The destination is Liberty High School, the open division state champions in 2023 and 2024. The Lions’ suburban stadium is the same size as big schools in Minnesota, roughly 5,000 bleacher seats, but unlike up North, its natural-grass field is surrounded by rock, sand and desert flora. Maybe even a gecko from time to time.

The Gophers are staking a recruiting claim here in the Valley of the Sun — a “chilly” 50 degrees on Wednesday morning — optimistic that recruits can develop into valuable collegiate while incubating in actually cold Minneapolis.

Two Liberty players already are on board with the Gophers: offensive lineman Nick Spence is redshirting this year, and linebacker Hudson Dunn will be a true freshman next season.

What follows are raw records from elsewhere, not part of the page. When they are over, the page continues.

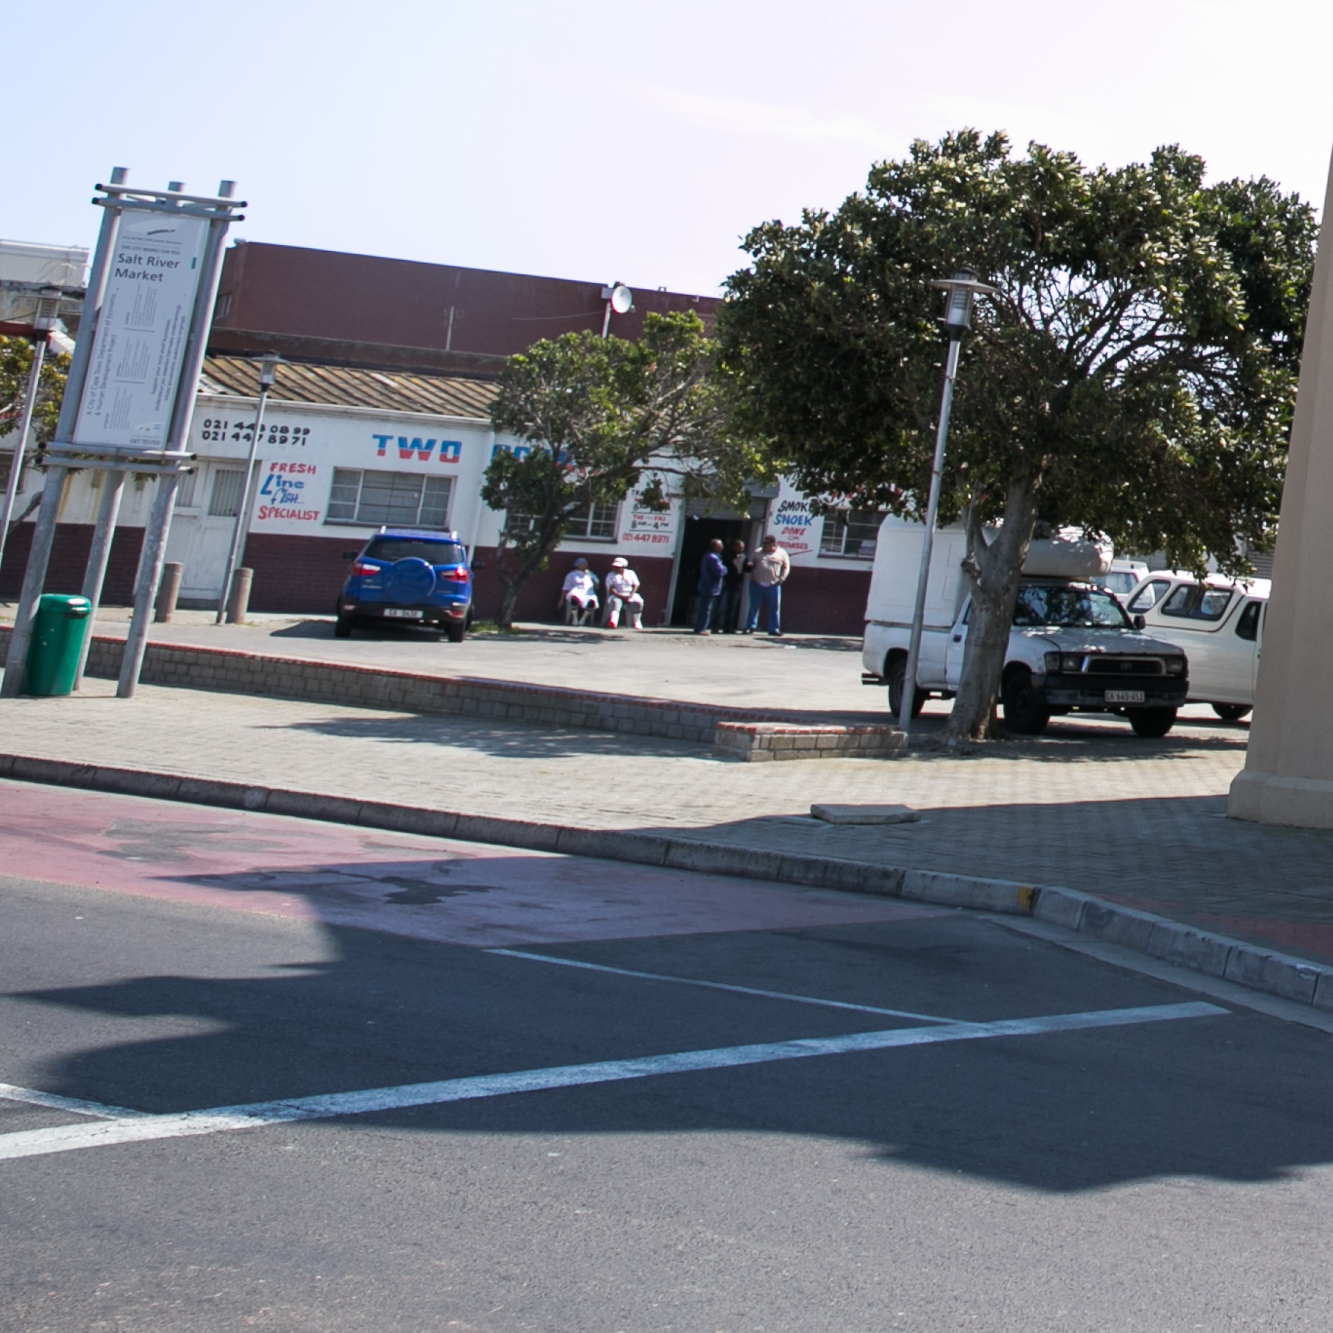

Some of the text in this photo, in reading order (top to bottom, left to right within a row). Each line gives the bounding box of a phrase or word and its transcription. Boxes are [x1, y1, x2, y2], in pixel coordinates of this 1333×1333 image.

[117, 252, 180, 269] Salt River
[114, 267, 164, 282] Market
[204, 419, 228, 430] 021
[202, 430, 226, 441] 021
[371, 433, 463, 464] TWO
[270, 462, 317, 474] FRESH
[260, 473, 304, 495] Line
[257, 505, 321, 521] SPECIALIST
[778, 500, 810, 513] SMOK
[773, 513, 813, 526] SNOEK
[781, 526, 807, 536] DONE

Dunn also is one of three players from Arizona to sign with the Gophers’ 2026 class, along with offensive lineman Aaron Thomas of Mountain Pointe High School in Phoenix and receiver Rico Blassingame from Tolleson Union High School in the smaller town west of the metro area.

Three recruits from Arizona is equal to the number of Minnesotans in the Gophers’ class for next year, and is second-most compared to four a piece from Pennsylvania and Wisconsin.

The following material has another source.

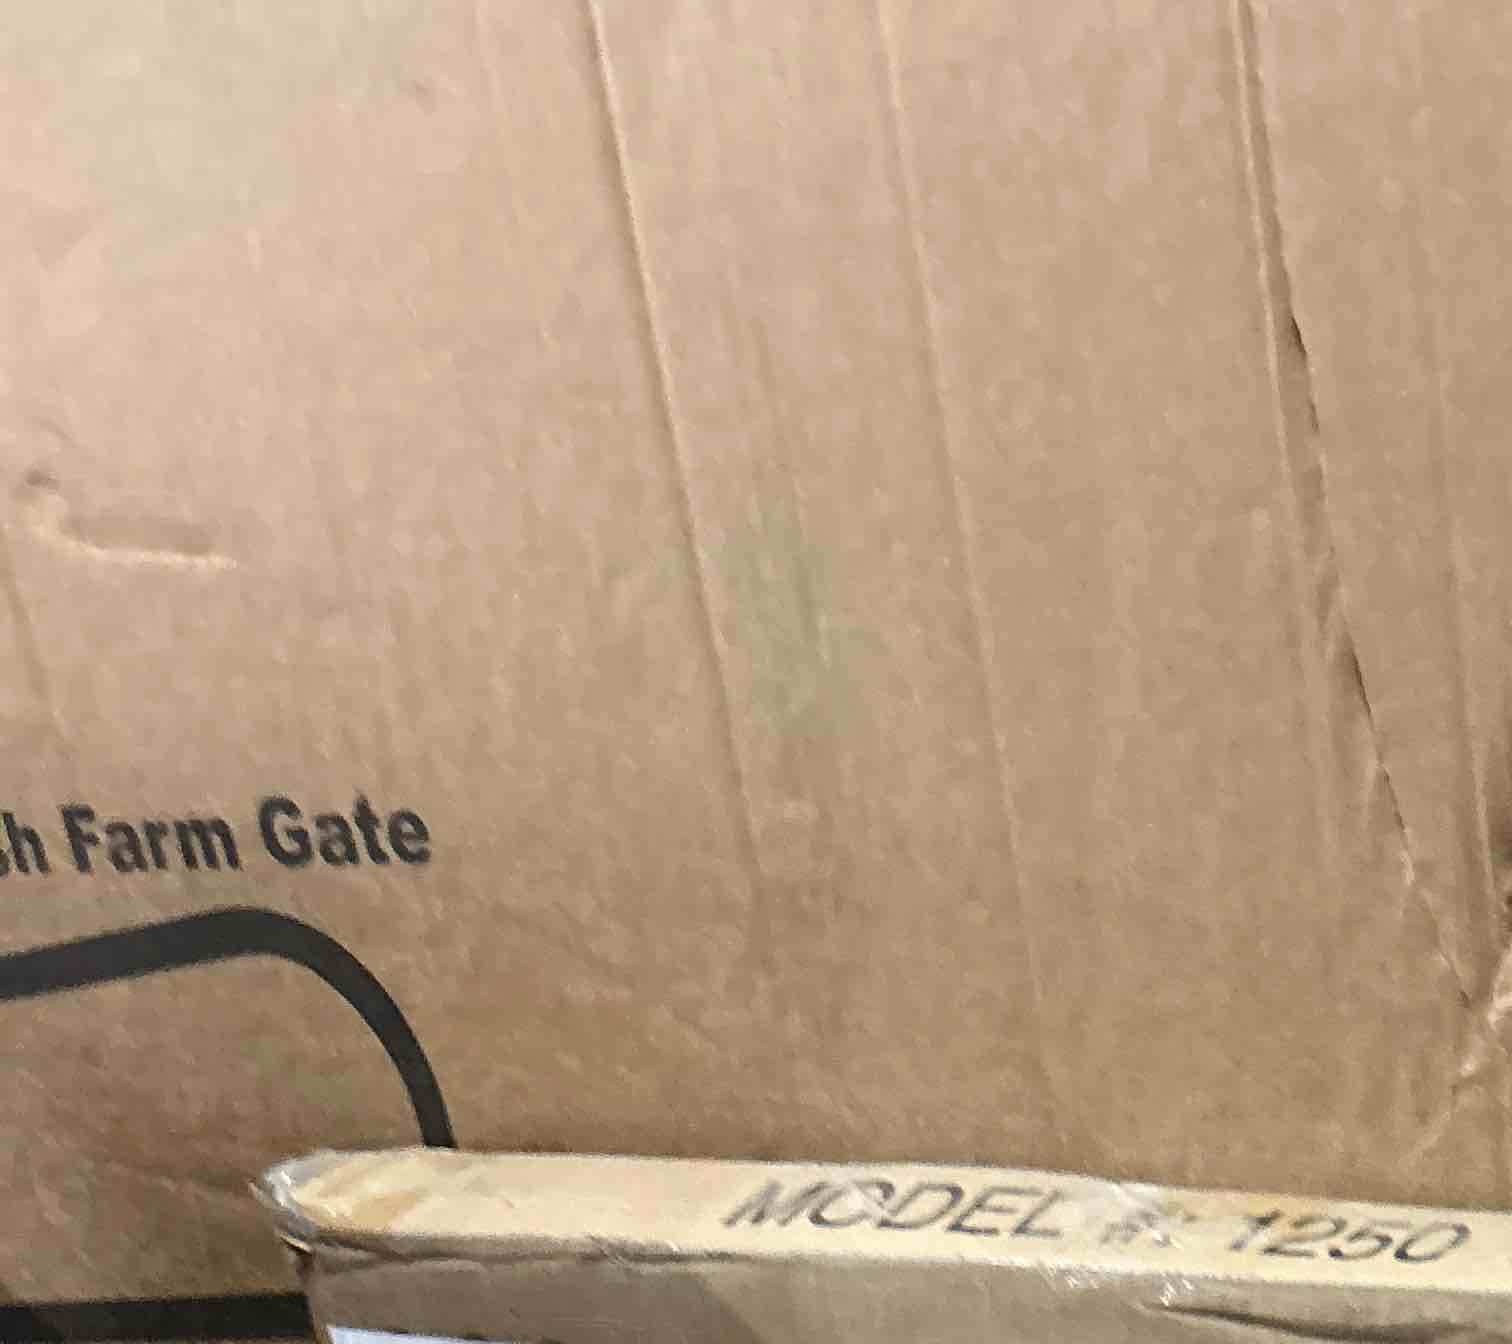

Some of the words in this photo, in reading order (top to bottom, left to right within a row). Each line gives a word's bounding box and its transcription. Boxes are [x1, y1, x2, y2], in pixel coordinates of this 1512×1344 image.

The Gophers’ recruiting footprint has expanded westward in recent years, primarily into California. But even going back to 2018, Minnesota hit big in the Southwest. Las Vegas safety Jordan Howden is the best success story; the fifth-round NFL draft pick is finishing his third season with the New Orleans Saints.

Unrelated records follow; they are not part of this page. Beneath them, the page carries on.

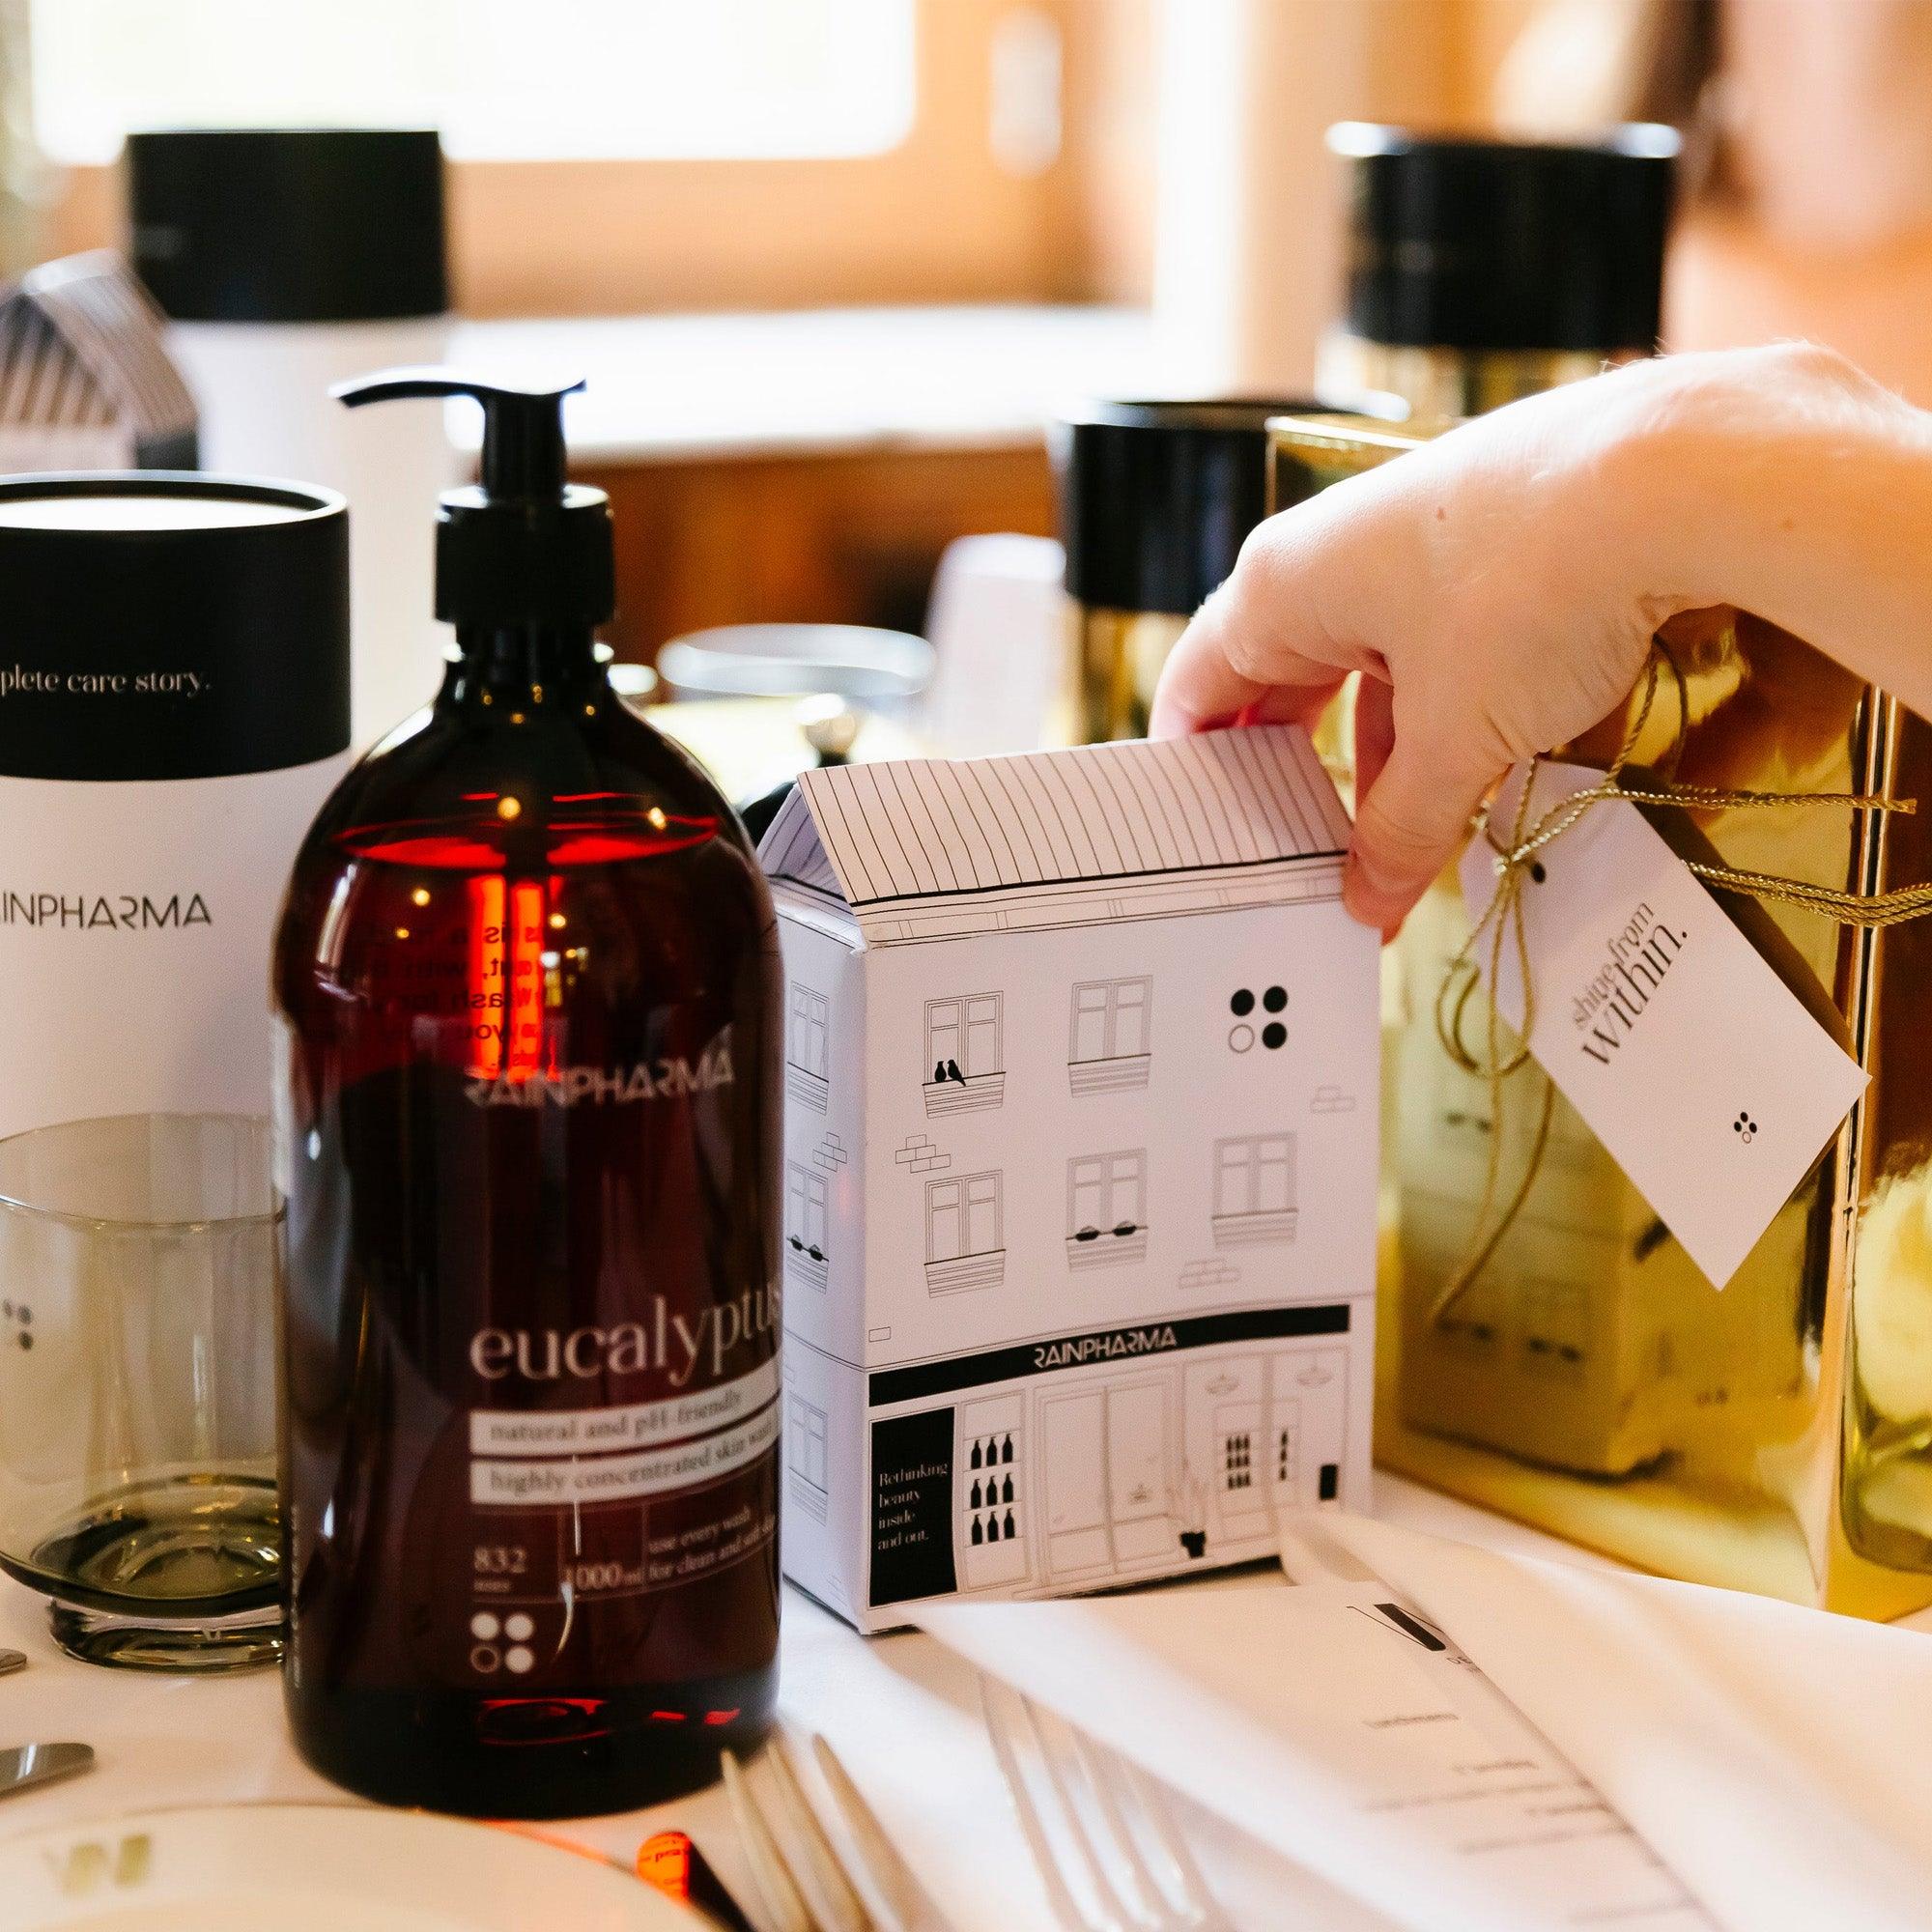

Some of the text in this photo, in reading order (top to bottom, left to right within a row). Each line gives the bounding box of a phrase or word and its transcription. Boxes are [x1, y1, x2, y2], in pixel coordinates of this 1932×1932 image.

[0, 663, 212, 697] plete care story.
[3, 890, 213, 930] INPHARMA
[1572, 902, 1655, 1031] shine from
[1581, 923, 1689, 1065] within.
[1034, 1326, 1177, 1368] RAINPHARMA
[584, 1414, 629, 1439] and
[879, 1463, 947, 1488] Rethinking

Gophers head coach P.J. Fleck doesn’t assign recruiting areas to assistants, but leans into each coach’s connections.

“It’s not, ‘We have this guy coaching this position and he recruits that area,’ ” Fleck told the Pioneer Press this week. “There are so many coaches that have so many connections around the entire country. So, we are using those resources to bring in the best student-athletes that fit our program.”

Assistant offensive line coach James Bain, who played at Northern Arizona and Texas-El Paso, has been helping out in Arizona.

The Gophers have had mixed results here in previous years. Current sophomore long snapper Alan Soukup from Phoenix has been ultra-reliable over two seasons, but in the 2021 class, four-star nickel back Steven Ortiz, from Desert Edge High in Goodyear, didn’t pan out and transferred. In that same class was offensive lineman Saia Mapakaitolo from Red Mountain in Mesa, who wound up being a short-timer.

Tolleson head coach Richard Wellbrock has been coaching in Arizona for 30 years and has been impressed with the Gophers’ approach in the state.

“They’ve just done a phenomenal job of, again, in today’s day and age with the transfer portal and everything,” Wellbrock said. “It’s about relationships, and they really did a good job. Coach Fleck was on campus a couple times, and and you feel the energy and you feel that they’re going to develop (Blassingame) into being what him and his family want in him.”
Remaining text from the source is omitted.